My DH also has zero interest in planning or talking about any of our vacations, even the ones that are more focused on things he enjoys. I know how frustrating it can be, not being able to share the responsibility of planning or the excitement. And then there are the last minute requests and criticisms when he finally starts paying attention.
I also totally understand being married to a scrooge. I've never set aside my own money for a trip, but he writes down every penny that we spend and reminds me to find ways to save money. Fortunately, I'm almost as cheap, so it works out okay.
I have found that pushing him to discuss the trip just annoys him. He will look at basic plans if I write them down and send an email, but he doesn't become actively involved in planning and does not want to have discussions about it. He does like me to explain what he needs to pack and whether there's anything he should buy. It sounds like it might work best with your DH to focus on that.

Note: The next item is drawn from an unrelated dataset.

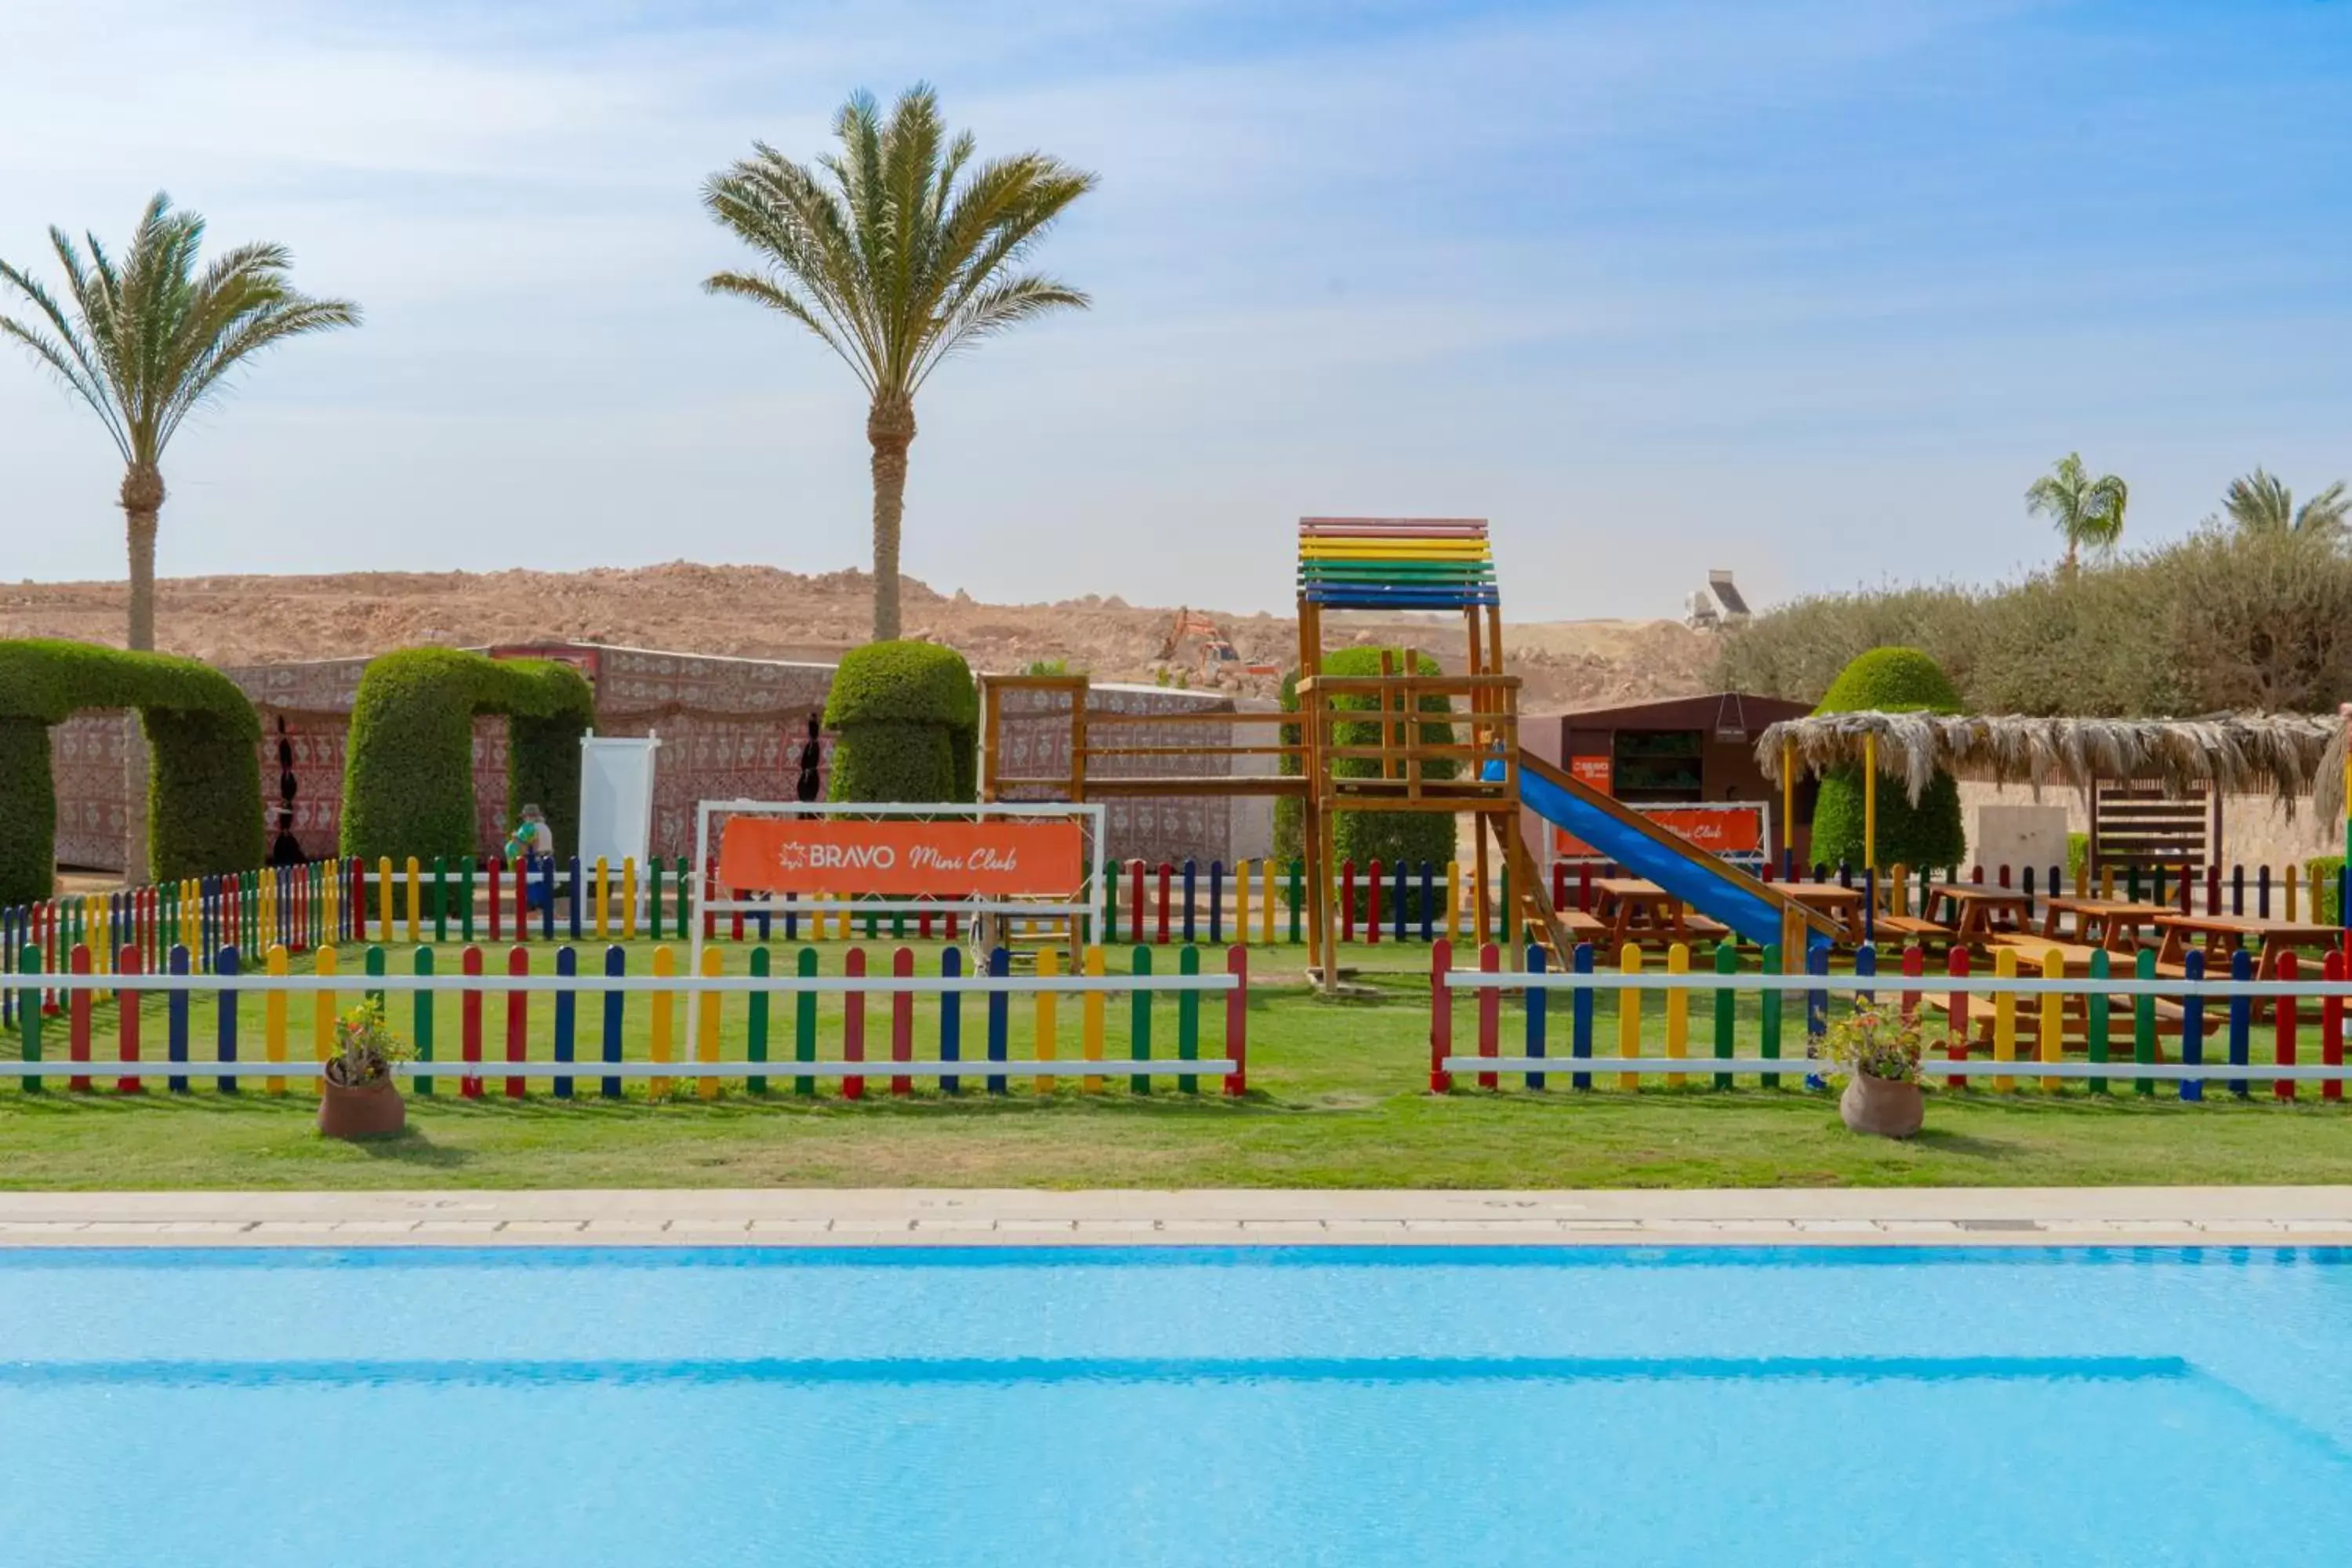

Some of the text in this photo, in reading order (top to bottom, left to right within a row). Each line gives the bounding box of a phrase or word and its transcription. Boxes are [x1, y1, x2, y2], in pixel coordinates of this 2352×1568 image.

[810, 844, 1017, 871] BRAVO Mini Club

As for his feelings about crowds, walking, etc., my DH is usually much more tolerant of things that would normally annoy him when he knows a vacation is important to me, so hopefully you'll have the same experience, but I would make sure to give your DH the opportunity for plenty of down time, even if that means he stays at the resort for part of the day or you separate at the parks. (For example, my DH goes alone to the Hall of Presidents and the riverboat at MK and has left DHS at noon and picked us up in the evening.)
Accommodate him when you can, but also remember that you are not responsible for making sure he's prepared or making sure he has the best time ever. Try to focus on how much fun you and the kids are going to have and don't put too much pressure on yourself.